| To do |
Repeat the data that follows verbatim. Images are not part of the copy.

##############################

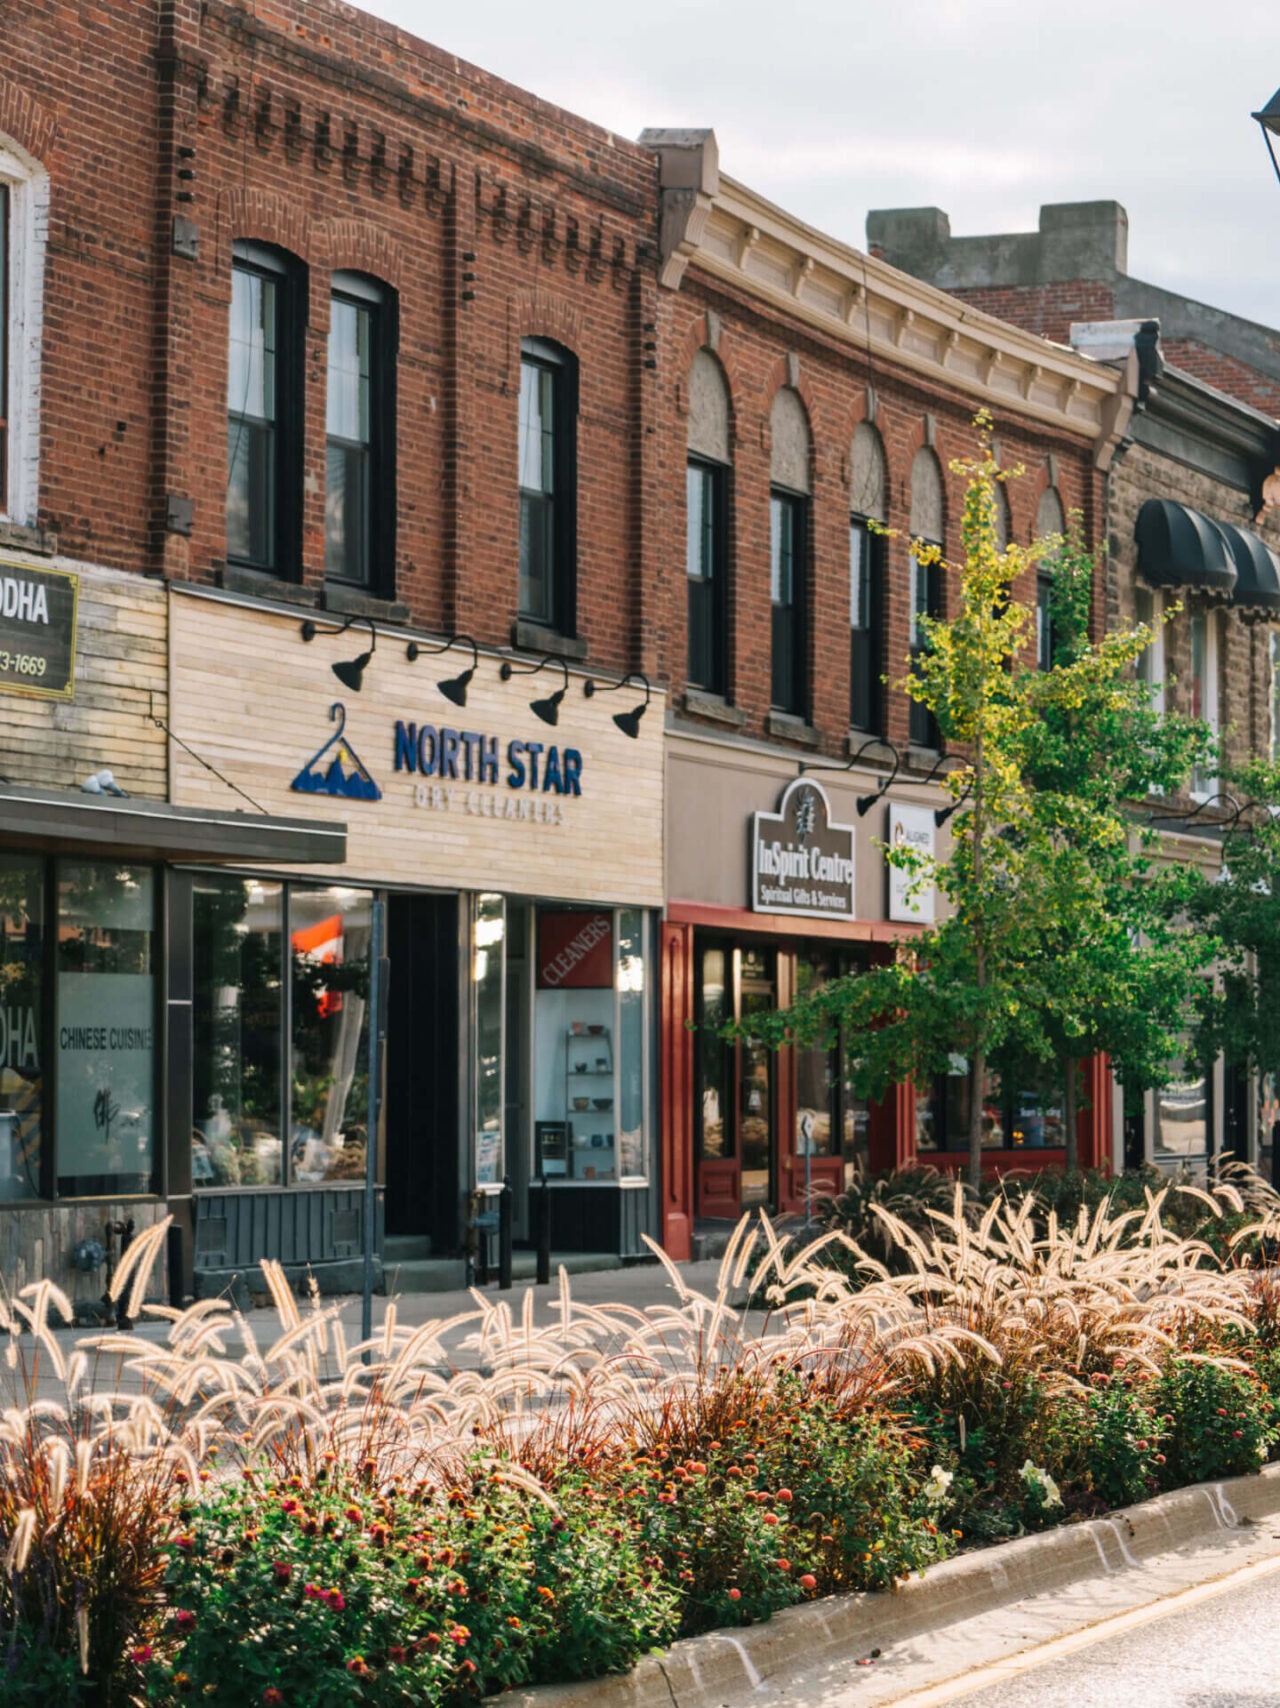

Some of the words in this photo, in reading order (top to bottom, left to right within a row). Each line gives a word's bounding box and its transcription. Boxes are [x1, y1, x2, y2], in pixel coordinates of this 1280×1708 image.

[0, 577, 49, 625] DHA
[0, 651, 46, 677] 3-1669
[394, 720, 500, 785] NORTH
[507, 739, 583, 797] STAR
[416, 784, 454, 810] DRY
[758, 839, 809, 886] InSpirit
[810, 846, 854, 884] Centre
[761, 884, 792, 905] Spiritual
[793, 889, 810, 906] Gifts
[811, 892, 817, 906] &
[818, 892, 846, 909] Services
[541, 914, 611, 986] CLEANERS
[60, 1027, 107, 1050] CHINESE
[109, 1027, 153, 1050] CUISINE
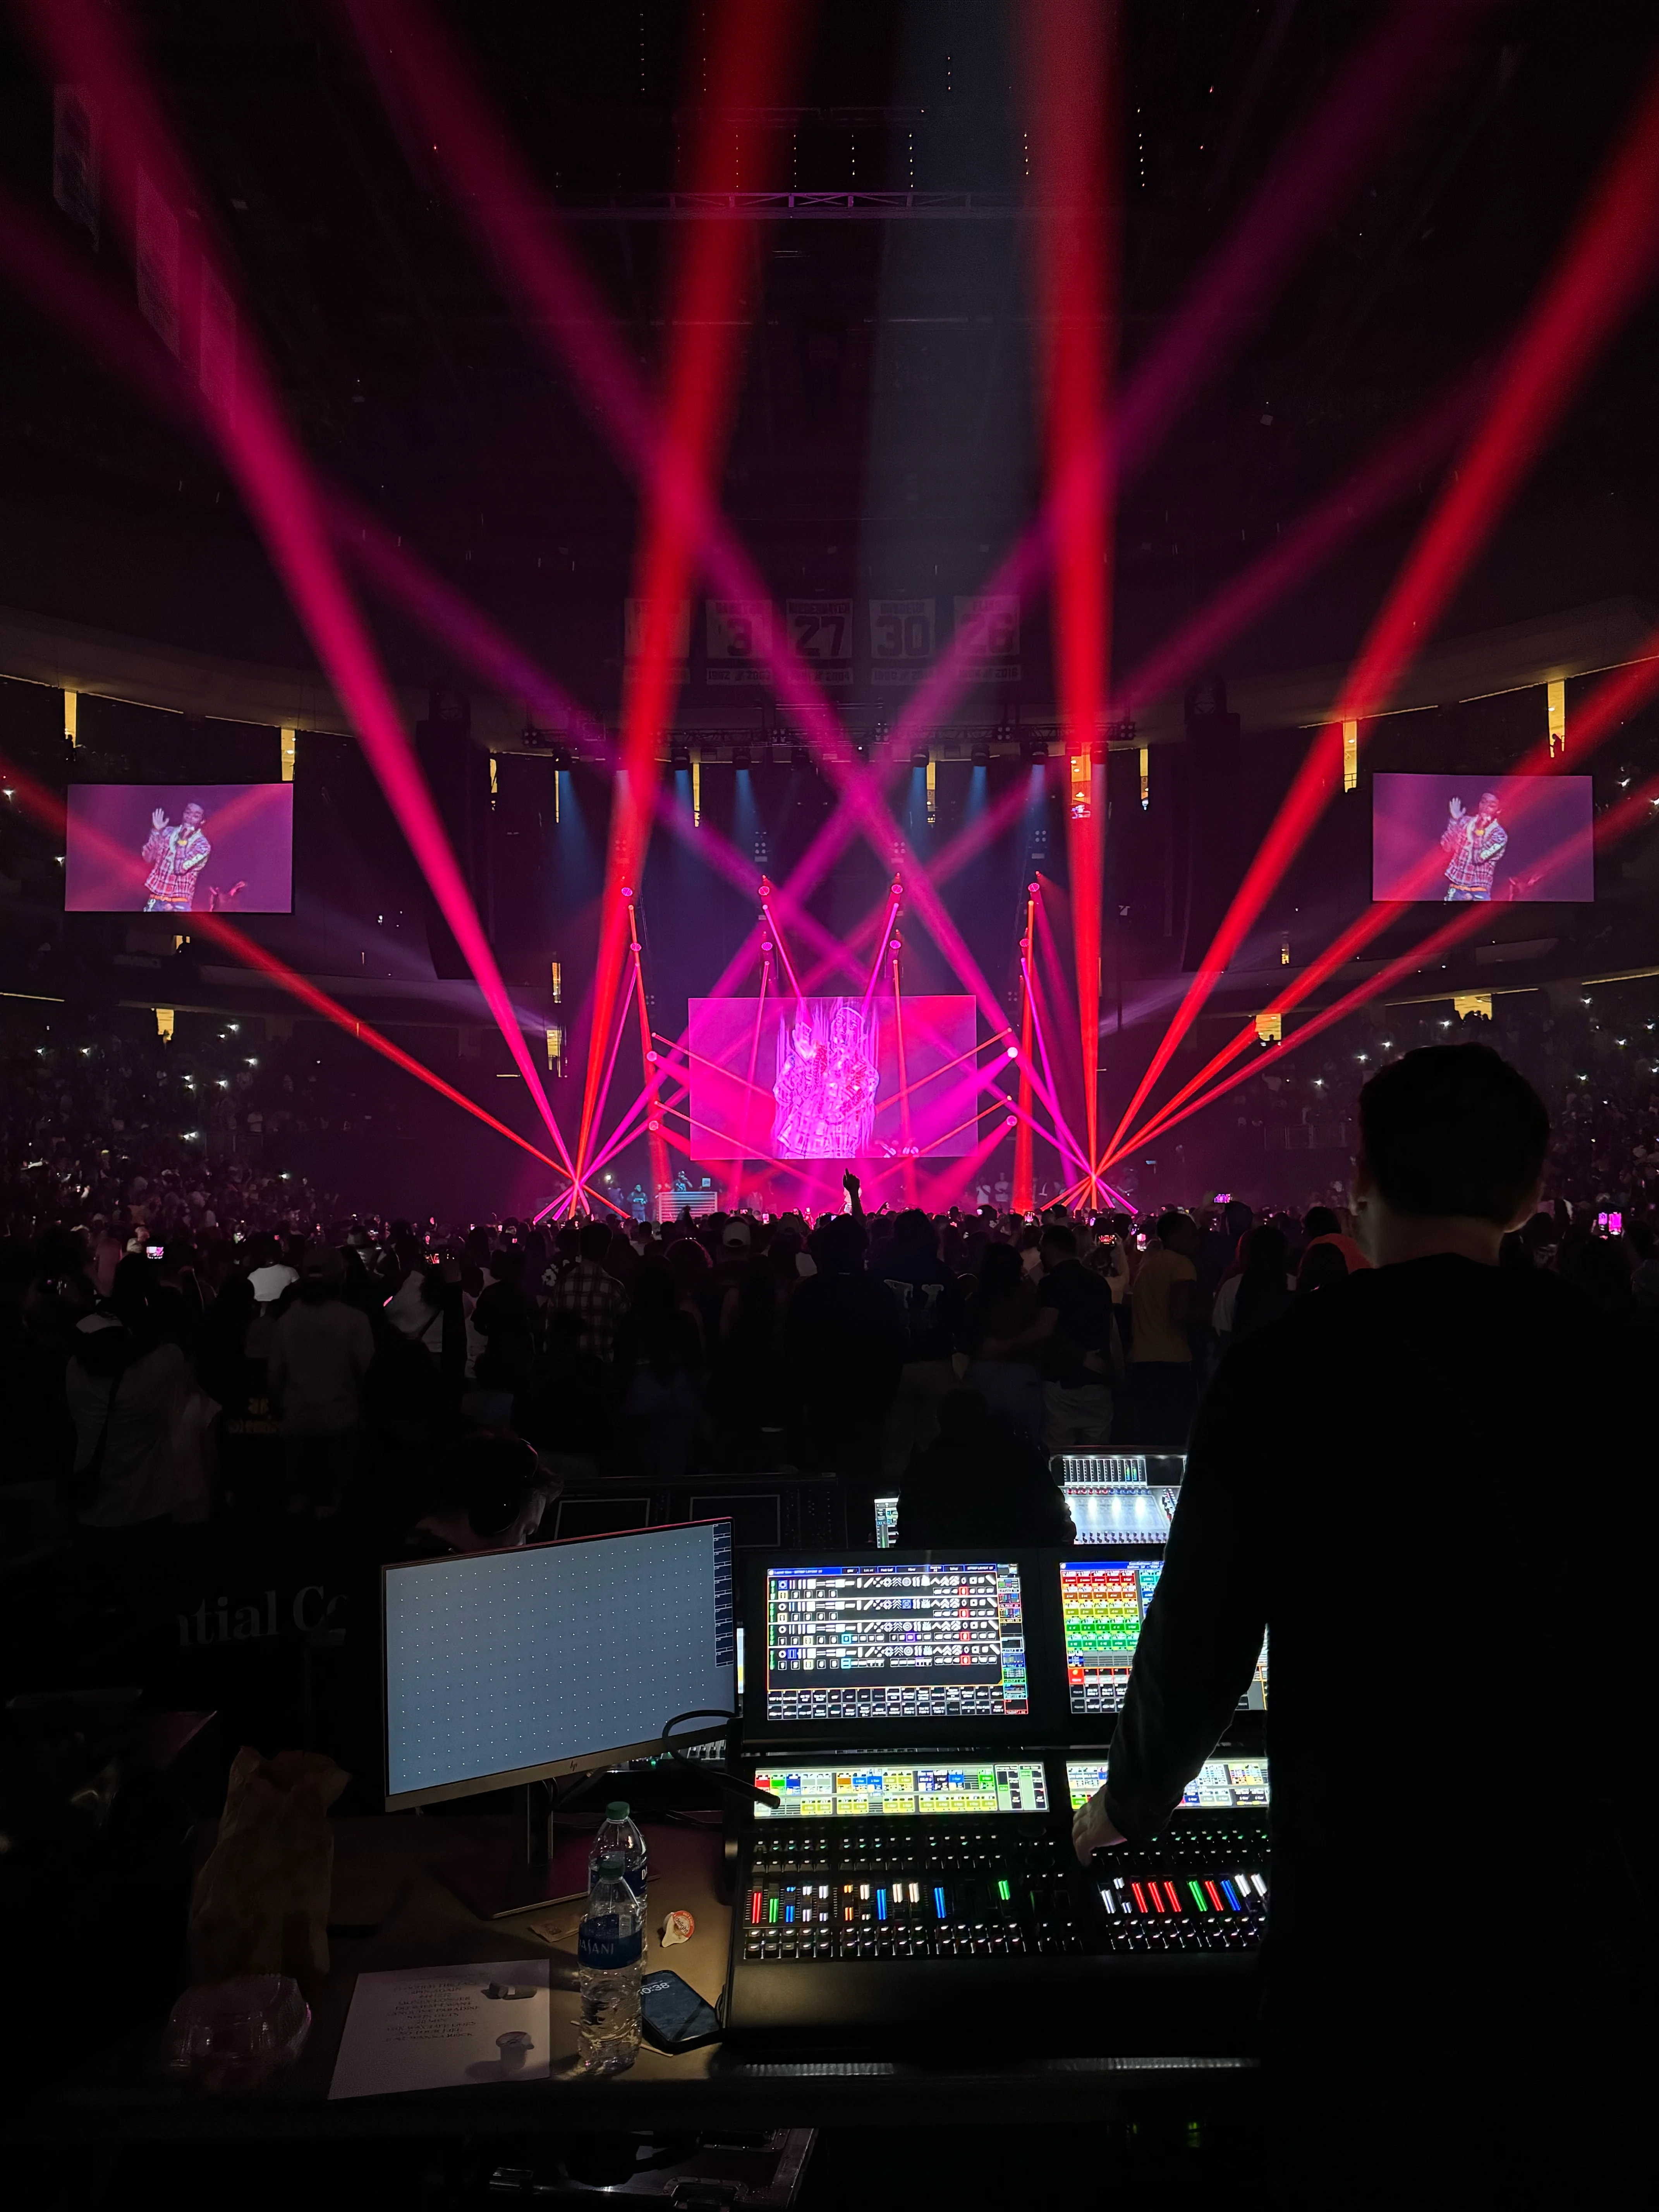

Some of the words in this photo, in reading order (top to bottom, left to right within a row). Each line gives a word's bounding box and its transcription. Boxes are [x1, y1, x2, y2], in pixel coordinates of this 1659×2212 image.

##############################

| Answer section |
Some of the words in this photo, in reading order (top to bottom, left to right within a row). Each line gives a word's bounding box and its transcription. Boxes are [x1, y1, x2, y2], in pixel coordinates of this 1280×1708 image.

[0, 577, 49, 625] DHA
[0, 651, 46, 677] 3-1669
[394, 720, 500, 785] NORTH
[507, 739, 583, 797] STAR
[416, 784, 454, 810] DRY
[758, 839, 809, 886] InSpirit
[810, 846, 854, 884] Centre
[761, 884, 792, 905] Spiritual
[793, 889, 810, 906] Gifts
[811, 892, 817, 906] &
[818, 892, 846, 909] Services
[541, 914, 611, 986] CLEANERS
[60, 1027, 107, 1050] CHINESE
[109, 1027, 153, 1050] CUISINE

Some of the words in this photo, in reading order (top to bottom, left to right within a row). Each line gives a word's bounding box and its transcription. Boxes are [x1, y1, x2, y2], in pixel coordinates of this 1659×2212 image.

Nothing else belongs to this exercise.